Items from a dataset

· · · · · · ·

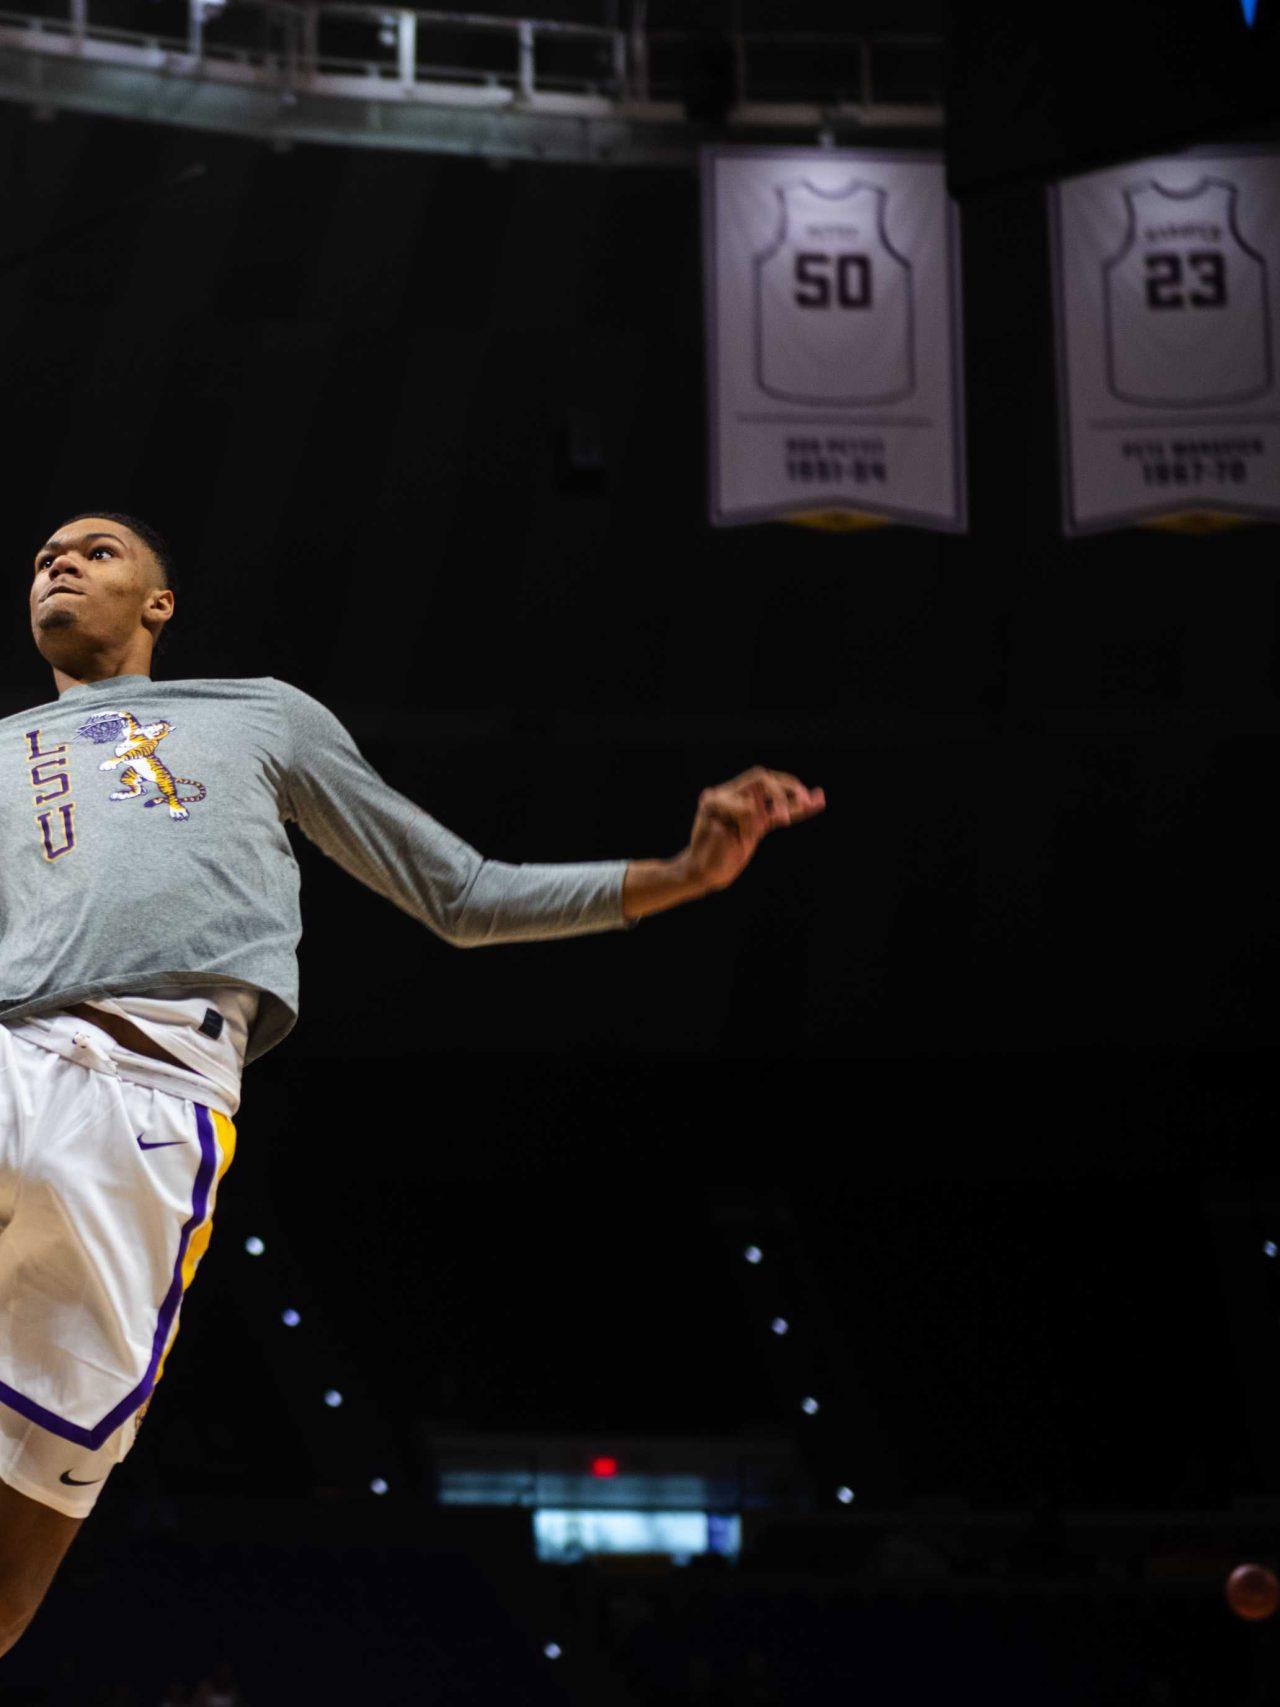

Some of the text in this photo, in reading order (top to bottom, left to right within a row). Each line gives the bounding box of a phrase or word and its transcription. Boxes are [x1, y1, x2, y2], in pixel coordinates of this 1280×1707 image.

[795, 253, 873, 309] 50
[1143, 252, 1229, 310] 23
[25, 728, 76, 863] LSU
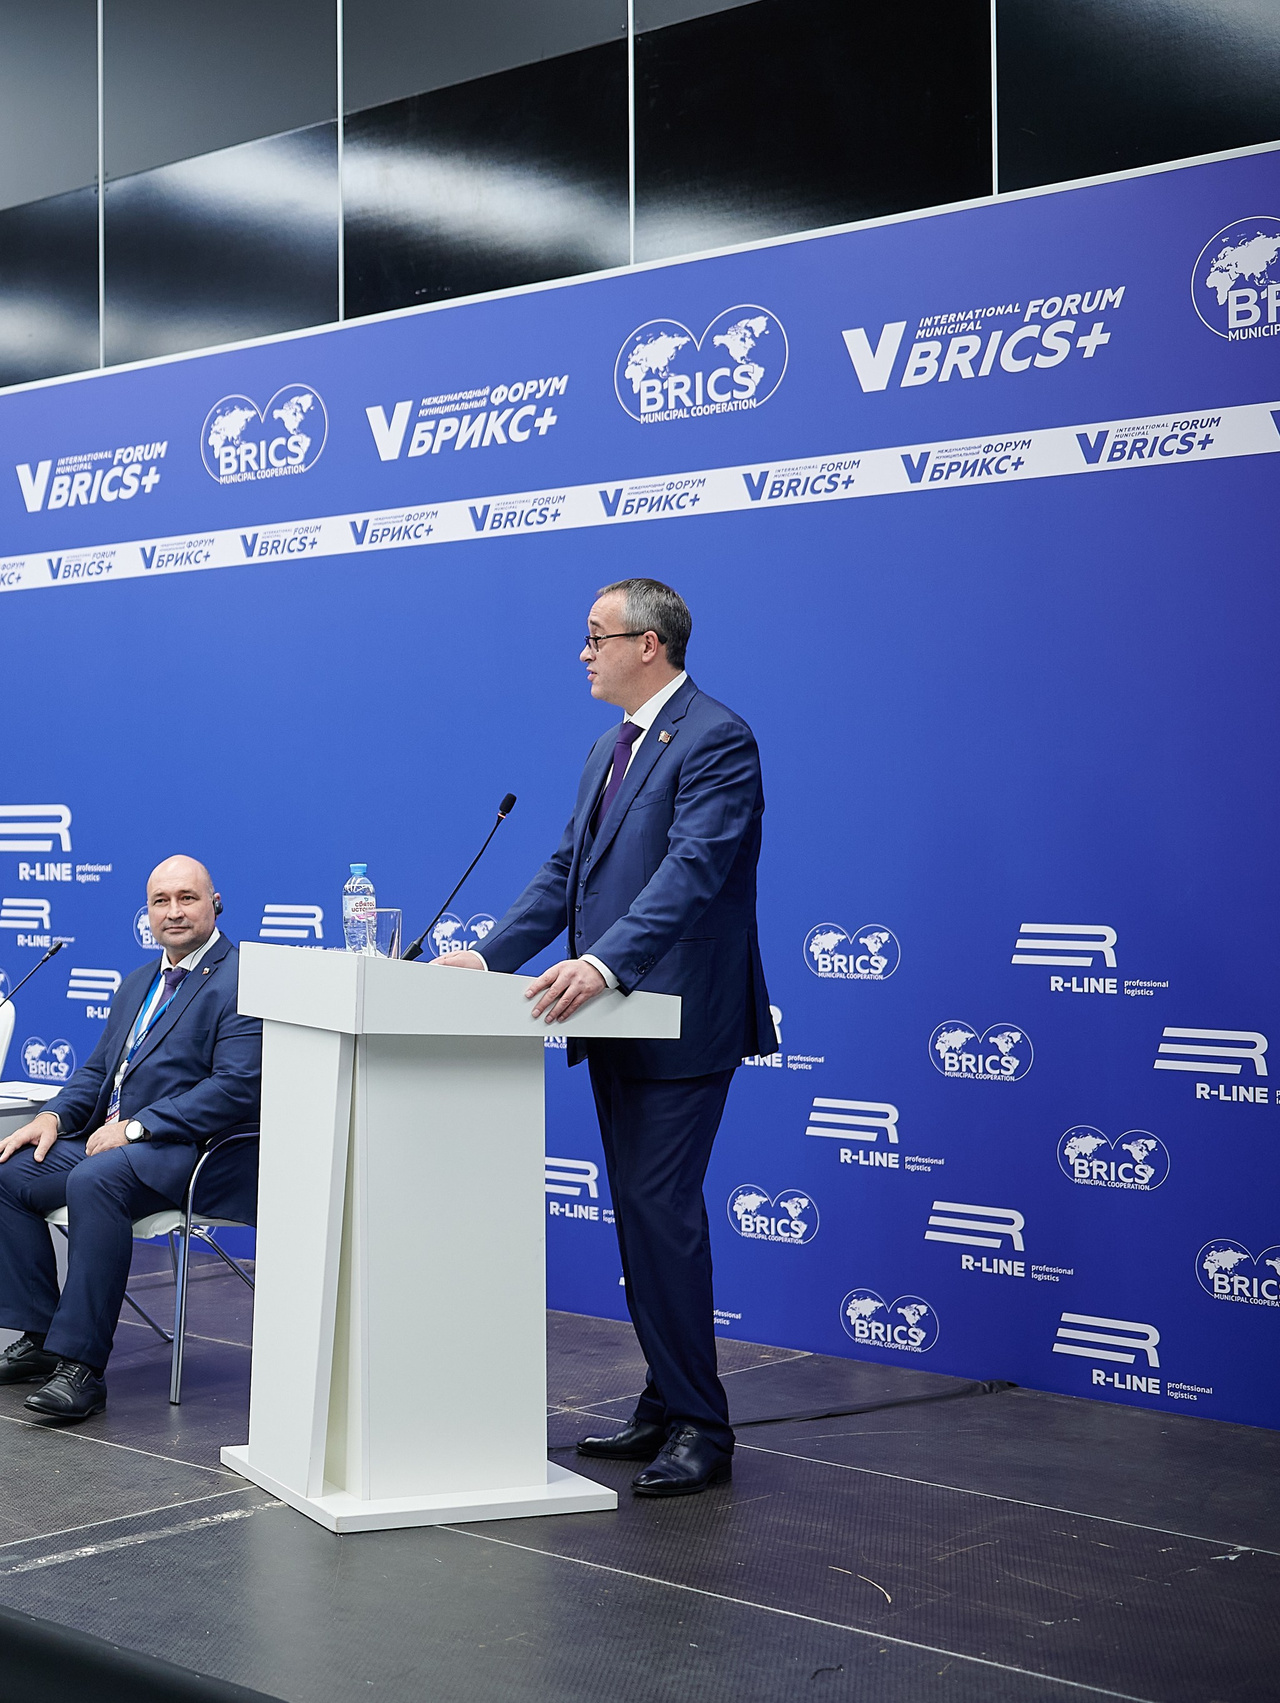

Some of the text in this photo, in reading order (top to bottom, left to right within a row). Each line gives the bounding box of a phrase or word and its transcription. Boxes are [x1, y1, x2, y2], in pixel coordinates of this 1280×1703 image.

· · · · · · ·

▶ [Task description]:
Return the entries exactly as given. Do not include pictures.

▶ [Expected answer]:
Some of the text in this photo, in reading order (top to bottom, left to right within a row). Each line gives the bounding box of a phrase or word and its transcription. Boxes are [x1, y1, x2, y2], in pixel coordinates of this 1280×1707 image.

[795, 253, 873, 309] 50
[1143, 252, 1229, 310] 23
[25, 728, 76, 863] LSU

Some of the text in this photo, in reading order (top to bottom, left to right within a row). Each line gives the bounding box of a phrase or word and its transcription. Boxes are [x1, y1, x2, y2], in pixel coordinates of this 1280×1703 image.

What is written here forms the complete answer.